Маммон остановился и повернулся к своему слуге. Его взгляд смягчился, а голос стал задумчивым, словно он позволял себе редкую искренность.

– Сафир, ты, как всегда, хочешь знать больше, чем положено, – произнёс он, но в его словах не было злобы. – Хорошо. Ты долго служишь мне и, возможно, имеешь право знать.

Он медленно прошёлся по комнате, словно собираясь с мыслями, а затем остановился у окна, глядя на огни города.

– Ты знаешь, что я питаюсь жадностью. Она – моё топливо, моя суть. Но чем больше я поглощаю её, тем сильнее понимаю: это место… этот мир, которым я правлю, – мёртвая пустошь. Здесь всё, даже души, отравлено алчностью. Ничего чистого, ничего истинного.

Маммон повернулся к Сафиру, его глаза теперь горели странным огнём.

– А эта девчонка… В ней есть что-то, чего я не могу объяснить. Чистота? Глупость? Или, может быть, нечто большее… Она напоминает мне о том, что я потерял давным-давно, ещё до того, как стал тем, кто я есть сейчас. И она, после того напитка, все ещё была благоразумна, интересная находка.

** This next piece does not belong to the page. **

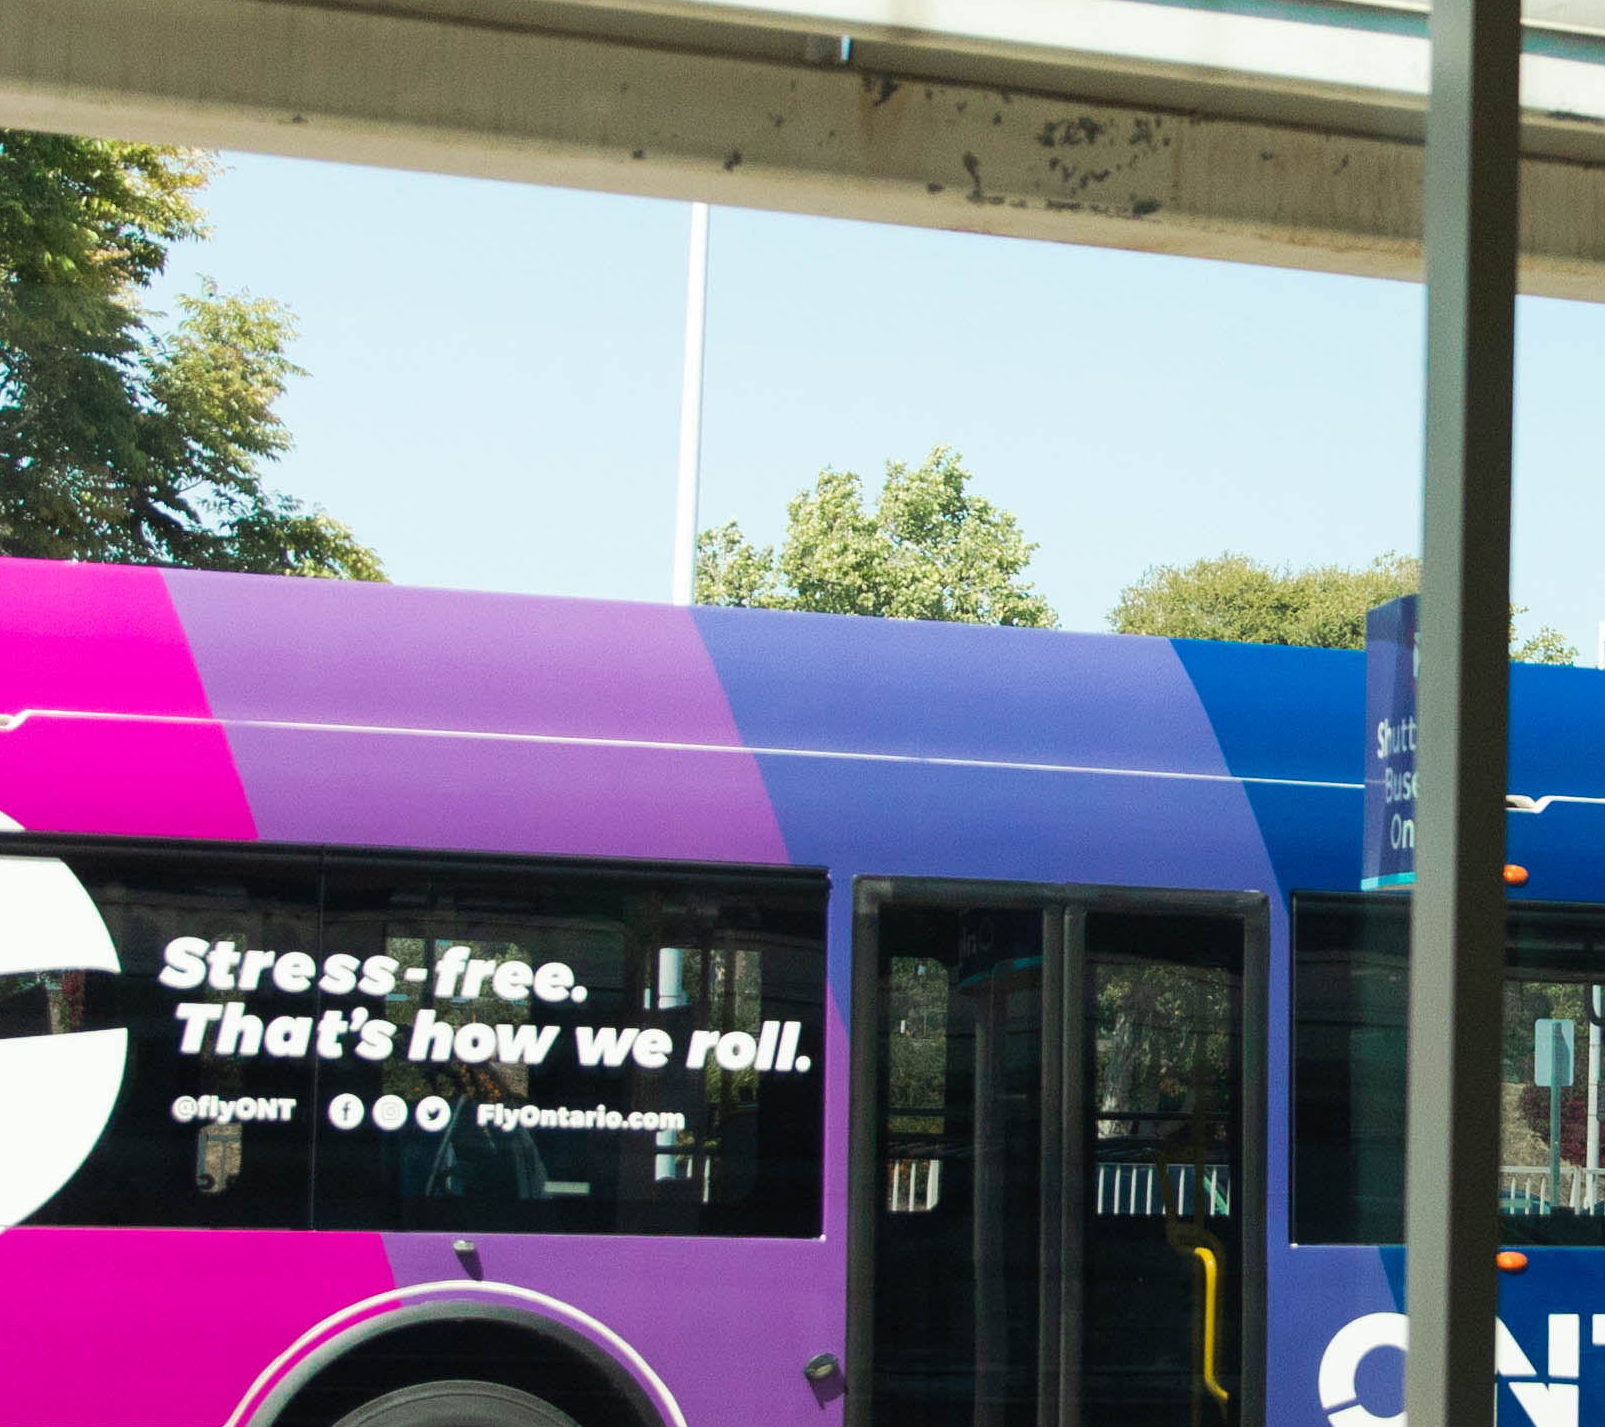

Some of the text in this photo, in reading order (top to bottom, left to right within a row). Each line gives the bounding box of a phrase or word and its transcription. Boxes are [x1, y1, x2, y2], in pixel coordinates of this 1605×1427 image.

Сафир внимательно слушал, не перебивая, хотя его глаза выражали удивление.

– Она – ключ, Сафир. Ключ к тому, чтобы выбраться отсюда. Не потому, что я жажду света или спасения в привычном смысле. Нет. Но потому, что я устал быть тем, кто только разрушает. Может, она – возможность создать что-то иное или, по крайней мере, обрести покой.

Маммон замолчал, на мгновение погрузившись в свои мысли. Затем он шагнул ближе к Сафиру и, понизив голос, добавил:

– И знаешь, что? Она не принадлежит мне. Она сама должна выбрать, что будет дальше. Это и делает её такой значимой.

Сафир кивнул, его взгляд стал серьёзным и понимающим.

– Я понял, господин. Я сделаю всё, чтобы ваша воля была исполнена.

– Хорошо, – коротко ответил Маммон, снова отворачиваясь к окну. – Теперь уходи.

Слуга почтительно поклонился и покинул комнату, оставив Маммона наедине с его мыслями.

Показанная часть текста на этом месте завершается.